Las palabras de Sazón de los barrancos parecen siempre férreamente encajadas en su celdilla, en el lugar preciso que les corresponde, dentro del engranaje multívoco que es el poema. Lo alucinado y lo minucioso se dan la mano de continuo en el libro: cierta pétrea consistencia presupone una jerarquía eclesial; el culto del árbol de las bellotas de oro acarrea el caos monetario; golpear un clavicordio nada tiene que ver con la jactancia juvenil de un lince. Llama la atención la presencia de constantes voces técnico-científicas, un rasgo que cabe definir como posmoderno, pero que acaso obedezca también al gusto del autor por la economía expresiva, por un lenguaje en el que cada término significa sólo lo que significa, y que en esa precisión semántica cifra, paradójicamente, su máxima amplitud y su máxima voluptuosidad. Se nota que a Calbarro le agrada la música de las palabras y, sobre todo, el chasquido que producen, como un machihembrado perfecto, al aplicarse a la realidad exacta que designan.

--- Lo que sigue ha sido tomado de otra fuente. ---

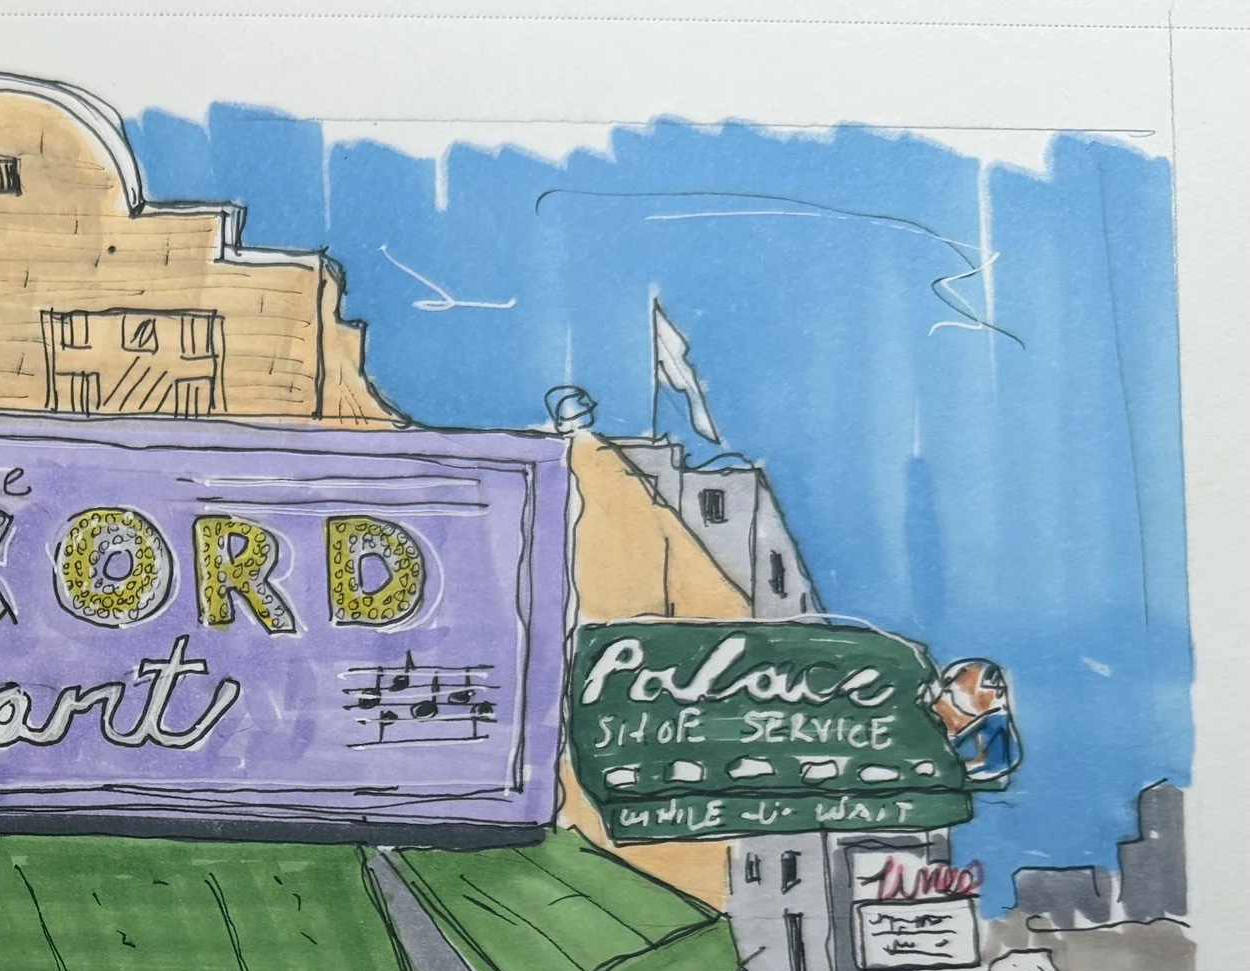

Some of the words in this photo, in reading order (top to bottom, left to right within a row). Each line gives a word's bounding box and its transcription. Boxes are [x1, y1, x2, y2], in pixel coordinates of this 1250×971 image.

[581, 631, 895, 706] Palace
[739, 710, 896, 750] SERVICE
[815, 796, 914, 824] WAIT

Distinto es que esa realidad se haga coincidir en el poema con otras remotas o incompatibles, y que de este inusual maridaje surjan chispazos desaforados. En Sazón de los barrancos hallamos términos como morfología, inflamación, cervical, molecular, lepidóptero, criptorquidia, córvido, calorimetría, albinismo, paludismo, farmacéutico, metonimia, coleóptero, médula espinal, tejido gástrico. Dos polos semánticos los imantan: por un lado, lo móvil, lo aéreo; por otro, la tierra o lo unido a ella, esto es, lo geológico y quieto, en lo que quizá sea una metáfora del conflicto existencial –entre apasionamiento y razón, entre vuelo y sistema, entre libertad y muerte– que aflige al poeta. Del primero son símbolos los pájaros e insectos, huéspedes habituales de los poemas; del segundo, las no menos frecuentes referencias vegetales y minerales: aguacates, laureles, bígaros, herbazales, silicatos, uranita, sulfato de cal, rocas meteóricas. También afloran los minerales del cuerpo, los huesos, en un trasunto humanizador de esa pugna velada entre lo fijo y lo celeste; una lucha encapsulada a veces en trepidaciones violentas: «la previsible carga de las bestias / no permite otra opción que / la castración en directo». Ambos polos, sin embargo, están en perfecta rotación: se mueven, oscilan, permutan sus posiciones. Muchos poemas aluden a esa disposición cinética, y mecanismos de toda índole simbolizan la fluctuación y la órbita: «Estas vértebras, / como sucios engranajes de una máquina / destinada a simular equidad / en un contexto mafioso o incluso eclesiástico, / (...) nos hieren en nuestra capacidad trepadora, / en cada medida de las vibraciones...». Pero, como revela el extraordinario poema «Antiguas contradicciones (y II)», el movimiento esencial de Sazón de los barrancos es un movimiento horadante, hacia el núcleo: la trayectoria centrípeta de alguien que mira a su interior y descubre que lo microscópico y lo mayúsculo, que el yo y el cosmos, no son sino formas distintas de un mismo latido, jubiloso y desconcertado.

[Quimera, núm. 273, julio-agosto de 2006, p. 109; reproducido en Eduardo Moga,
Lecturas nómadas, Canet de Mar (Barcelona): Editorial Candaya, 2007, pp. 33-35.]